# WORK REQUIRED
What you return must be the full data, repeated verbatim, with no pictures in it.

# PROVIDED MATERIAL

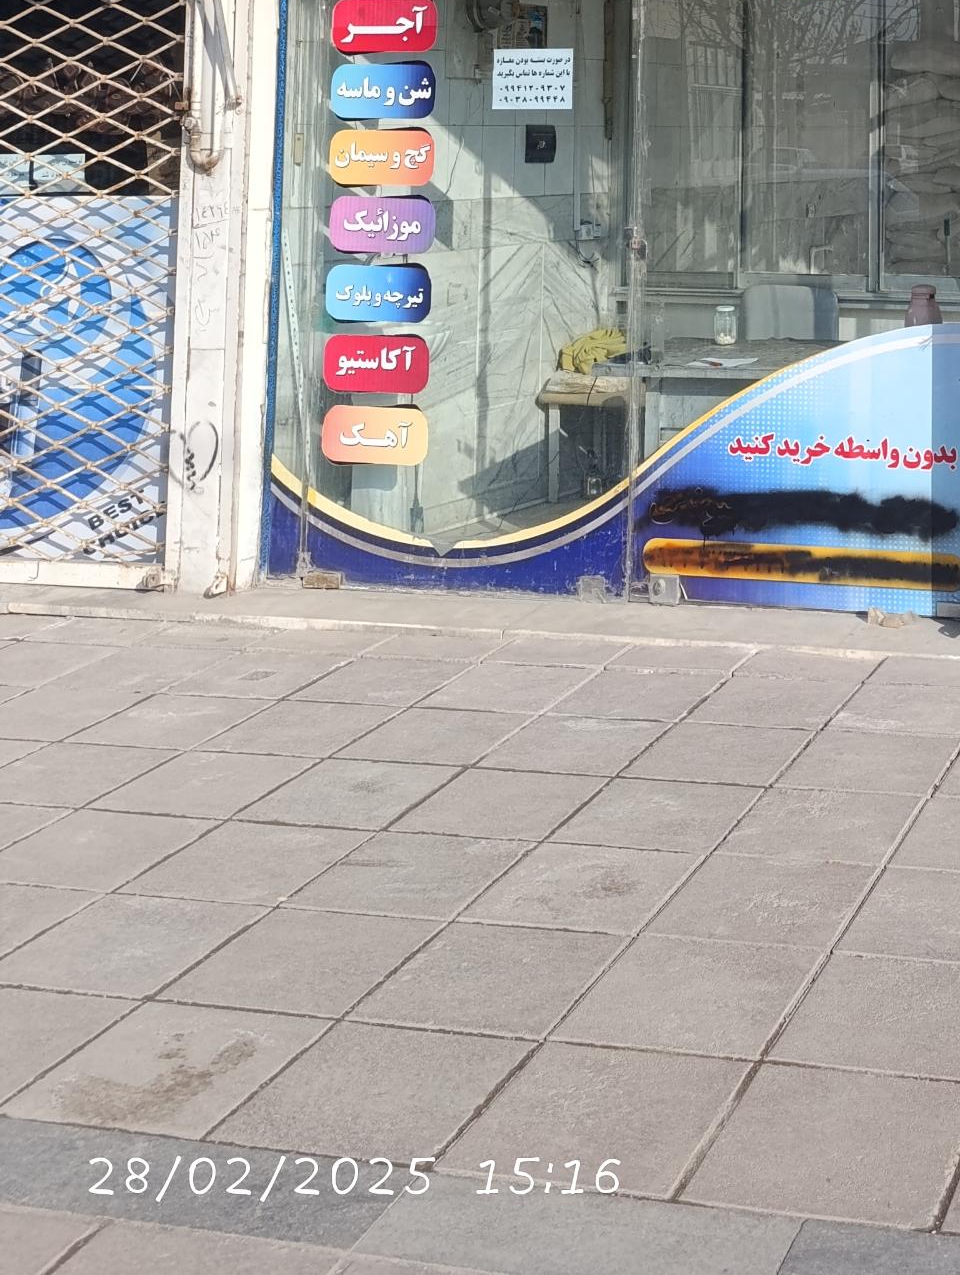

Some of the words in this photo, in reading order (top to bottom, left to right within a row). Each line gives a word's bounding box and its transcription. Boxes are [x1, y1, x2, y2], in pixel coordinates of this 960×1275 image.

[341, 6, 428, 43] آجر
[336, 77, 380, 99] ماسه
[384, 87, 395, 107] و
[399, 79, 432, 106] شن
[334, 142, 388, 168] سیمان
[391, 151, 401, 168] و
[405, 143, 431, 168] گچ
[335, 284, 373, 307] بلوک
[383, 287, 424, 309] تیرچه
[336, 346, 416, 376] آکاستیو
[339, 421, 412, 448] آهک
[728, 434, 775, 461] کنید
[777, 436, 831, 466] خرید
[833, 437, 900, 469] واسطه
[902, 443, 958, 470] بدون
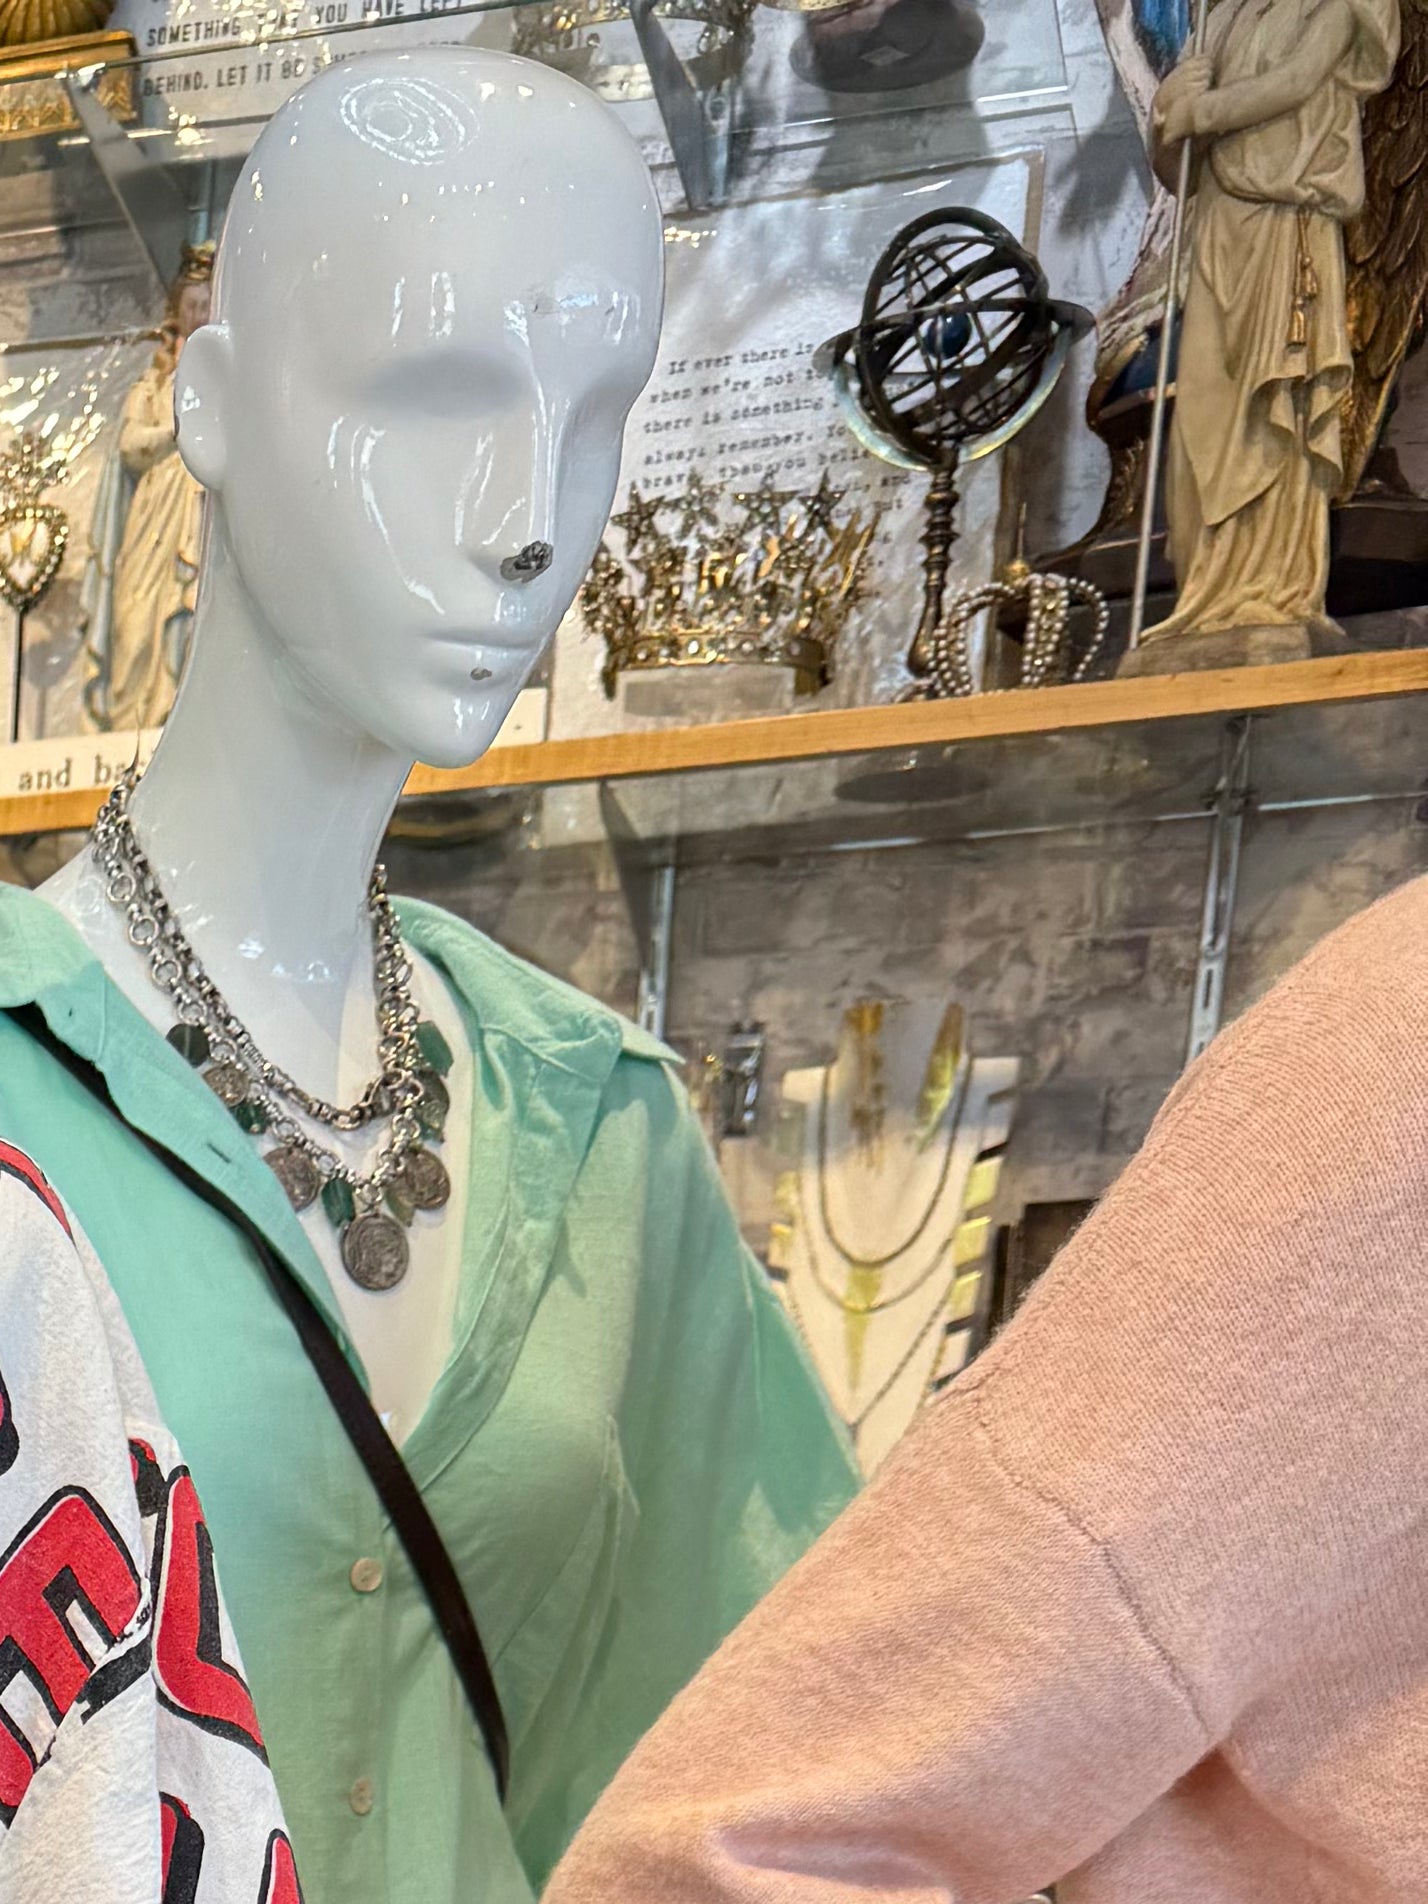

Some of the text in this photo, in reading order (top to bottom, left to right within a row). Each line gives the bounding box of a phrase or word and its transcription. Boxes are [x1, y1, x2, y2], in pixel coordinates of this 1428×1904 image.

[146, 16, 241, 47] SOMETHING
[315, 3, 348, 24] YOU
[145, 71, 209, 97] BEHIND.
[217, 66, 246, 87] LET
[256, 64, 272, 84] IT
[694, 357, 734, 371] ever
[741, 347, 788, 364] there
[763, 372, 794, 388] not
[643, 416, 693, 434] there
[702, 410, 722, 426] is
[18, 756, 73, 790] and
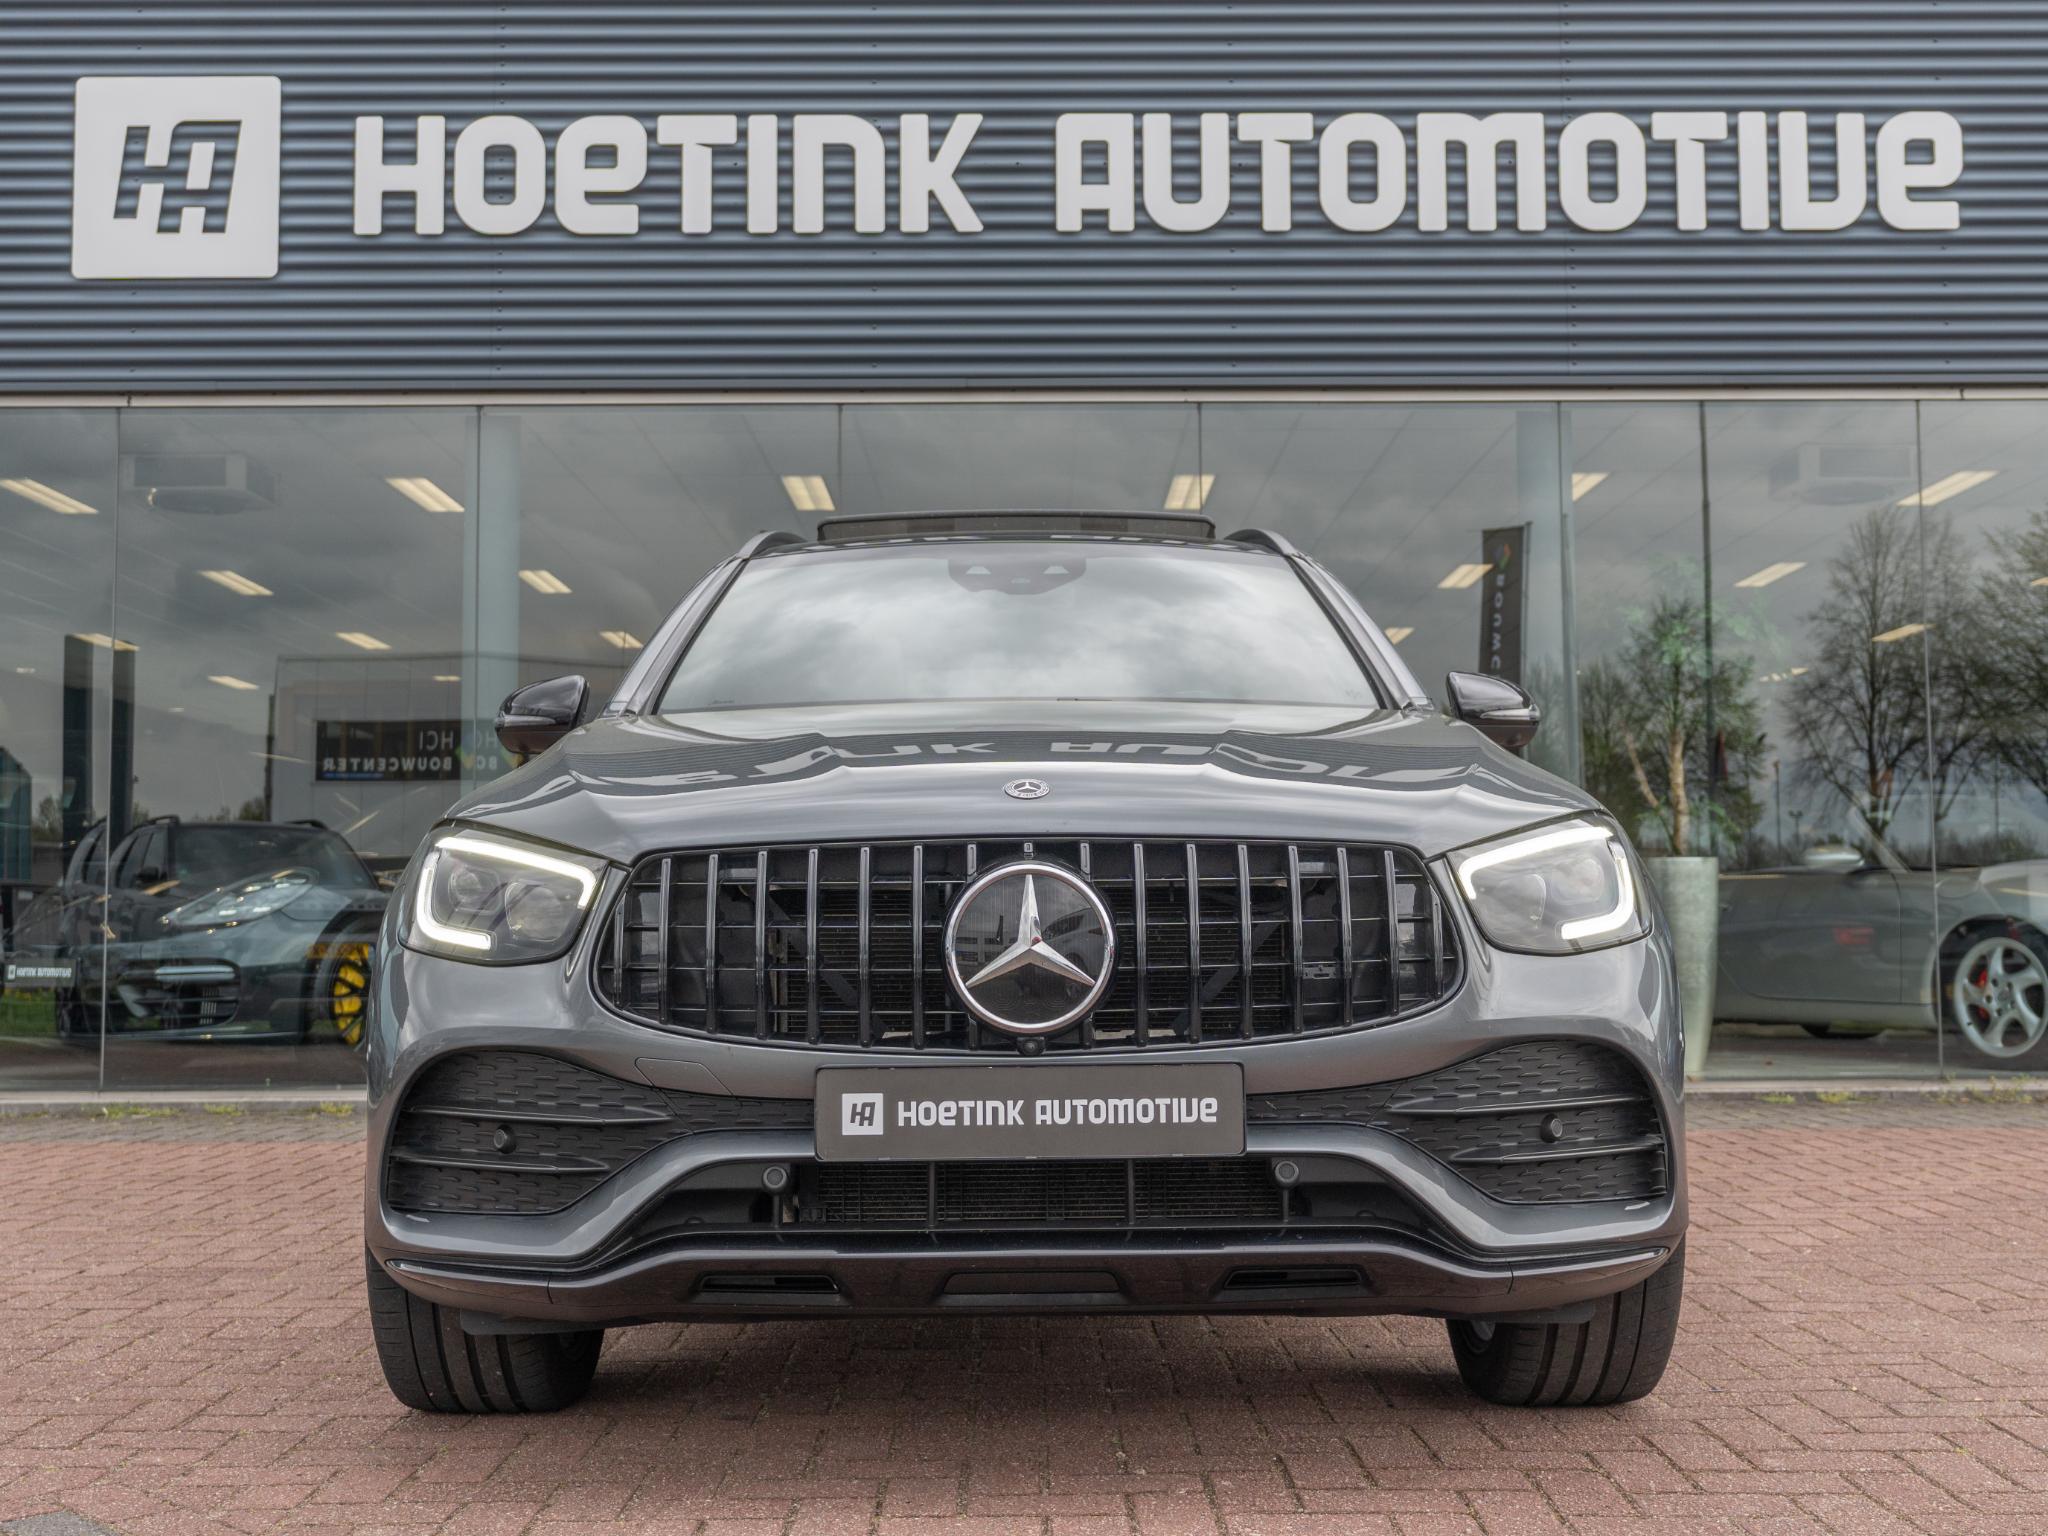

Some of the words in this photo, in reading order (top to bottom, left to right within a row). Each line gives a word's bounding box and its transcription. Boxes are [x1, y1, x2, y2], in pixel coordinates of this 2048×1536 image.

[353, 113, 984, 235] HOETINK
[1055, 110, 1964, 232] AUTOMOTIVE
[898, 1100, 1024, 1126] HOETINK
[1035, 1098, 1217, 1124] AUTOMOTIVE

# SOLUTION BELOW
Some of the words in this photo, in reading order (top to bottom, left to right within a row). Each line gives a word's bounding box and its transcription. Boxes are [x1, y1, x2, y2], in pixel coordinates of this 960×1275 image.

[341, 6, 428, 43] آجر
[336, 77, 380, 99] ماسه
[384, 87, 395, 107] و
[399, 79, 432, 106] شن
[334, 142, 388, 168] سیمان
[391, 151, 401, 168] و
[405, 143, 431, 168] گچ
[335, 284, 373, 307] بلوک
[383, 287, 424, 309] تیرچه
[336, 346, 416, 376] آکاستیو
[339, 421, 412, 448] آهک
[728, 434, 775, 461] کنید
[777, 436, 831, 466] خرید
[833, 437, 900, 469] واسطه
[902, 443, 958, 470] بدون

Some of the text in this photo, in reading order (top to bottom, left to right within a row). Each line gives the bounding box of a phrase or word and its transcription. Boxes are [x1, y1, x2, y2], in pixel coordinates of this 1428×1904 image.

[146, 16, 241, 47] SOMETHING
[315, 3, 348, 24] YOU
[145, 71, 209, 97] BEHIND.
[217, 66, 246, 87] LET
[256, 64, 272, 84] IT
[694, 357, 734, 371] ever
[741, 347, 788, 364] there
[763, 372, 794, 388] not
[643, 416, 693, 434] there
[702, 410, 722, 426] is
[18, 756, 73, 790] and

Some of the words in this photo, in reading order (top to bottom, left to right within a row). Each line gives a word's bounding box and its transcription. Boxes are [x1, y1, x2, y2], in pixel coordinates of this 2048×1536 image.

[353, 113, 984, 235] HOETINK
[1055, 110, 1964, 232] AUTOMOTIVE
[898, 1100, 1024, 1126] HOETINK
[1035, 1098, 1217, 1124] AUTOMOTIVE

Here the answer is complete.